There’s just one problem: Many of those tools aren’t much help with obtaining arrest warrants.

Starting Thursday, U.S. units who want to detain an Iraqi will need to ask an Iraqi judge for a warrant, but many judges here are reluctant to accept the kind of forensic evidence that TV crime shows such as "CSI" have made so familiar to Americans.

Eyewitness accounts are the Holy Grail in Iraqi law. They are all but required for obtaining a warrant from an Iraqi judge. Soldiers must convince witnesses — usually at least two — to make a sworn statement that they saw a crime.

The witnesses must also take an oath administered by an Iraqi officer, affix their thumbprint and sign the document.

"The sworn statements are probably going to be the hardest part," said Lt. Col. Mike Pemrick, the deputy commander of 3rd Brigade Combat Team, 4th Infantry Division in Baghdad.

Units have long collected evidence in a file called a "target packet," and that usually entailed talking to people on the street. Those target packets are now the basis for the warrant requests.

Even when judges do allow forensic evidence, the Americans can’t share the classified information that’s helped them so much in the past. That means those secret methods can only be used to identify targets — then authorities must start building a case using unclassified means.

Soldiers will still take tips from witnesses who aren’t willing to give sworn testimony, but those tips usually aren’t enough anymore, said 2nd Lt. Clayton Merkley, a platoon leader in Company C, 1st Battalion, 35th Armor Regiment. To get warrants now, platoons and companies will have to constantly develop intelligence and build evidence at their level, Pemrick said.

Those challenges were reinforced during a brigade meeting earlier this month to evaluate how the units were progressing on obtaining warrants. Col.
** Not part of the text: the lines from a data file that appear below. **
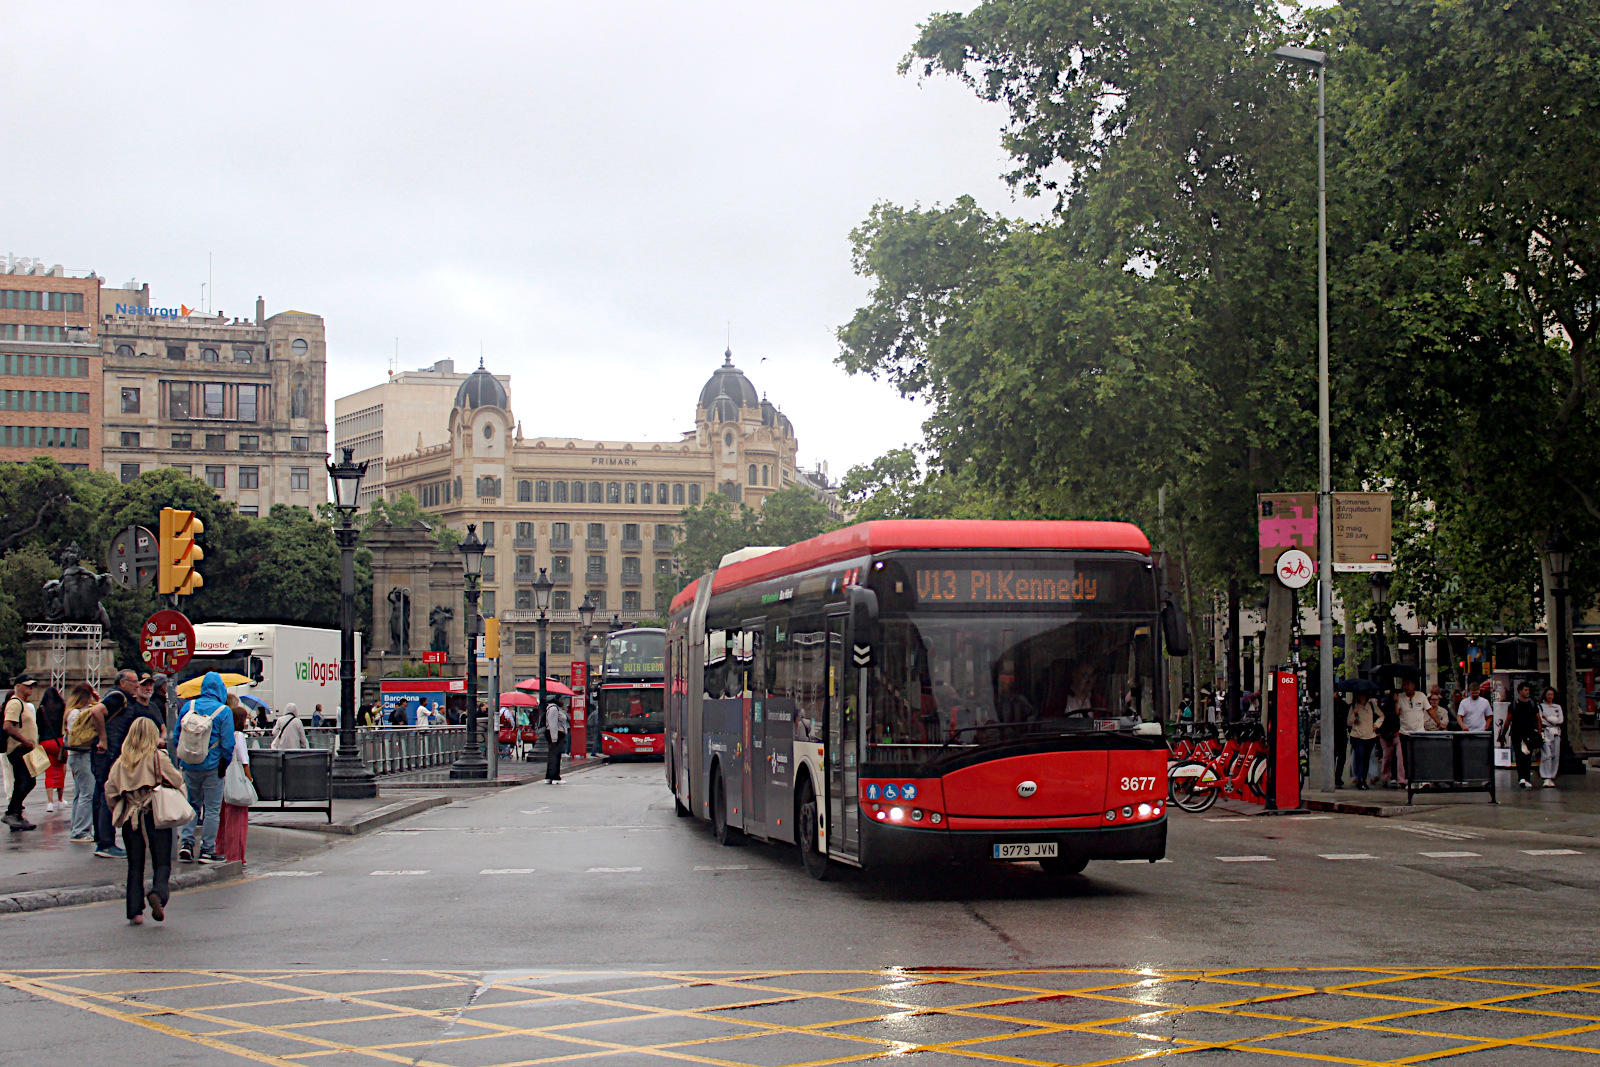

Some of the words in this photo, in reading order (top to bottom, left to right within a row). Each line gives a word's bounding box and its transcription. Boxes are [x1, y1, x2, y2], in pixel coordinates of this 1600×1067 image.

[115, 303, 178, 319] Naturgy
[591, 457, 638, 466] PRIMARK
[1336, 506, 1382, 514] d'Arquitectura
[916, 570, 957, 599] V13
[970, 570, 1097, 600] Pl.Kennedy
[295, 656, 340, 687] vailogisti
[624, 663, 641, 672] RUTA
[643, 662, 664, 672] VERDA
[1120, 777, 1156, 791] 3677
[1002, 845, 1030, 856] 9779
[1034, 844, 1055, 856] JVN
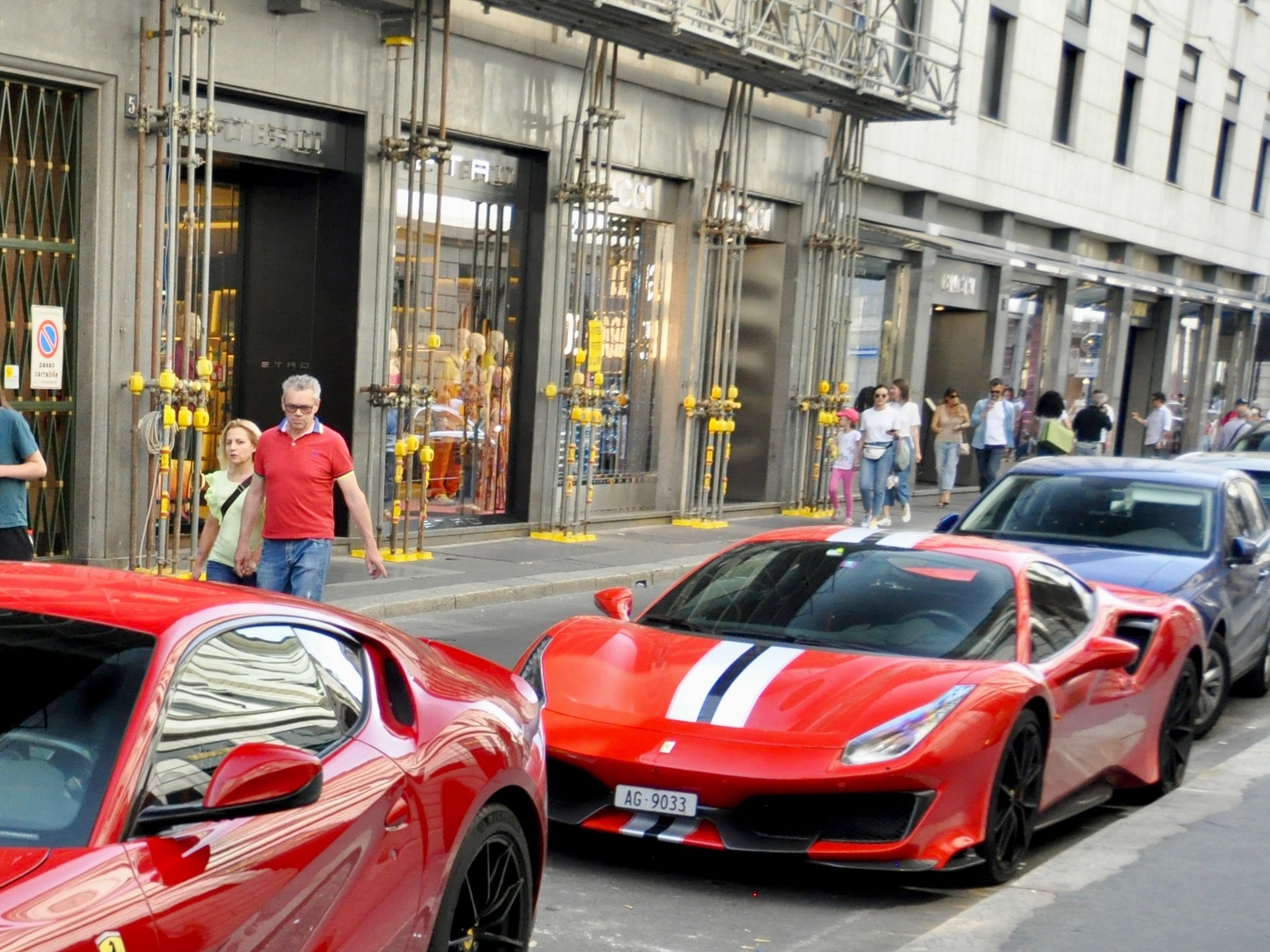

John Hort, the 3/4 BCT commander, pointed out a high-level suspect for whom the battalion had been having problems getting eyewitness accounts. Hort said the Iraqi battalion commander for the area knew a woman hurt by the suspect who’d probably be willing to testify. The units needed to use their Iraqi counterparts more, he said.

The new requirements have some perks, Merkley said. Although the soldiers must persuade witnesses to make a sworn statement, they only need one or two witnesses instead of the four to seven less-official statements they once had to obtain.

Merkley estimates that he’s actually spending the same number of man-hours collecting evidence as he always has; he’s just casting a narrow net instead of a wide one. The targets they’re getting now are also more definitive.

"As far as I know, we are already doing our very best to adhere to SOFA [status of forces agreement]," he said. "Jan. 1, I think it will be fine."

Like Merkley, most soldiers shrugged off the new requirements. That’s no surprise to Lt. Col. Mike Pappal — commander of 1st Battalion, 68th Armor Regiment. His unit has 58 "high-value targets" and already has obtained warrants for 29 of them. The brigade as a whole has warrants for 63 of 82 high value targets — the bulk of those are battalion-level targets.

The units have also been helped by Iraqi efforts. The Iraqi army has been seeking warrants since at least February 2007 and has been especially focused on the process in the past six months. Many of those insurgents wanted by coalition forces already have warrants out for their arrests. American leaders are working with their Iraqi counterparts so they don’t have to duplicate Iraqi efforts.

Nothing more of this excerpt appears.